Looking into the linked data,[1] it looks like a lot of these "unicorns" are blockchain technology companies. I might be biased here as a shitcoin sceptic, but I would love to see in 10 years what happened to these "unicorns"

[1] https://app.dealroom.co/unicorns/f/slug_locations/anyof_euro...


how many of the unicorns out of SV are actually viable businesses that will gain genuine traction 10 years from now? I suspect not a whole lot


This is a testable proposition. We can look at the list of billion dollar startups from 10 years ago (all 11 of them) and see how they fared since: https://www.forbes.com/sites/nicoleperlroth/2011/06/02/the-b...

Kayak, Facebook, Twitter, LinkedIn, Bloom Energy and Integra Telecom (Electric Lightwave) are still doing well, Groupon and Zynga are significantly diminished and Living Social, Gilt Group and Better Place are dead.

So the answer appears to be 50/50 and social commerce was a huge fad.


A billion dollars today and a billion 10 years ago are not the same thing.
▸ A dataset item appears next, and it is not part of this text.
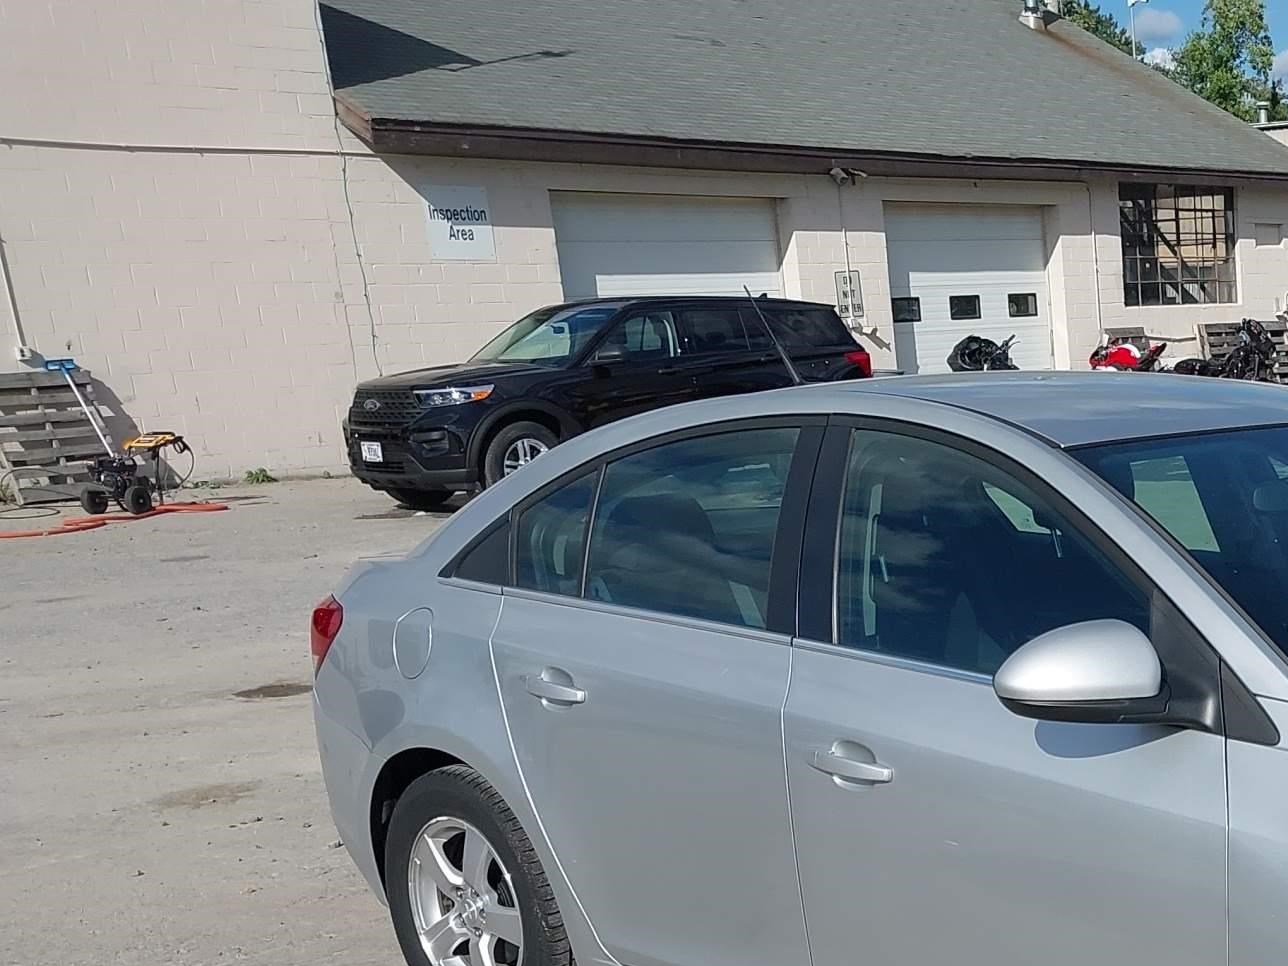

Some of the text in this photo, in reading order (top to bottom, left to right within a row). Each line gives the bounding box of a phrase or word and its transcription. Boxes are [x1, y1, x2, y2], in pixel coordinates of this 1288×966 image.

It's not just a question of inflation either; there is more money sloshing around in VC (or similar non-retail funding sources) than ever.


This is important. Current QE policy is over $100B/month. Lots and lots of free money floating around.


0 as soon as the law catches up and fixes the loopholes that are the basis for what seems like the majority of startups these days.


Given that a steady stream of VC money could keep Uber running since 2009 I wouldn't bet on those 10 years.


One could argue that Uber provide a useful service - one that may not be profitable but that is definitely useful.

What use - and to whom - are the array of shitcoins?


That’s definitely not the story they sold investors


Look at other forms of dodgy fintech, like some hedge funds. There seems to be an infinite amount of money available to move money so you can move money.

I increasingly feel like a total sucker for trying to do useful work. I could get rich by moving money around and accomplishing nothing but here I am trying to actually create useful things.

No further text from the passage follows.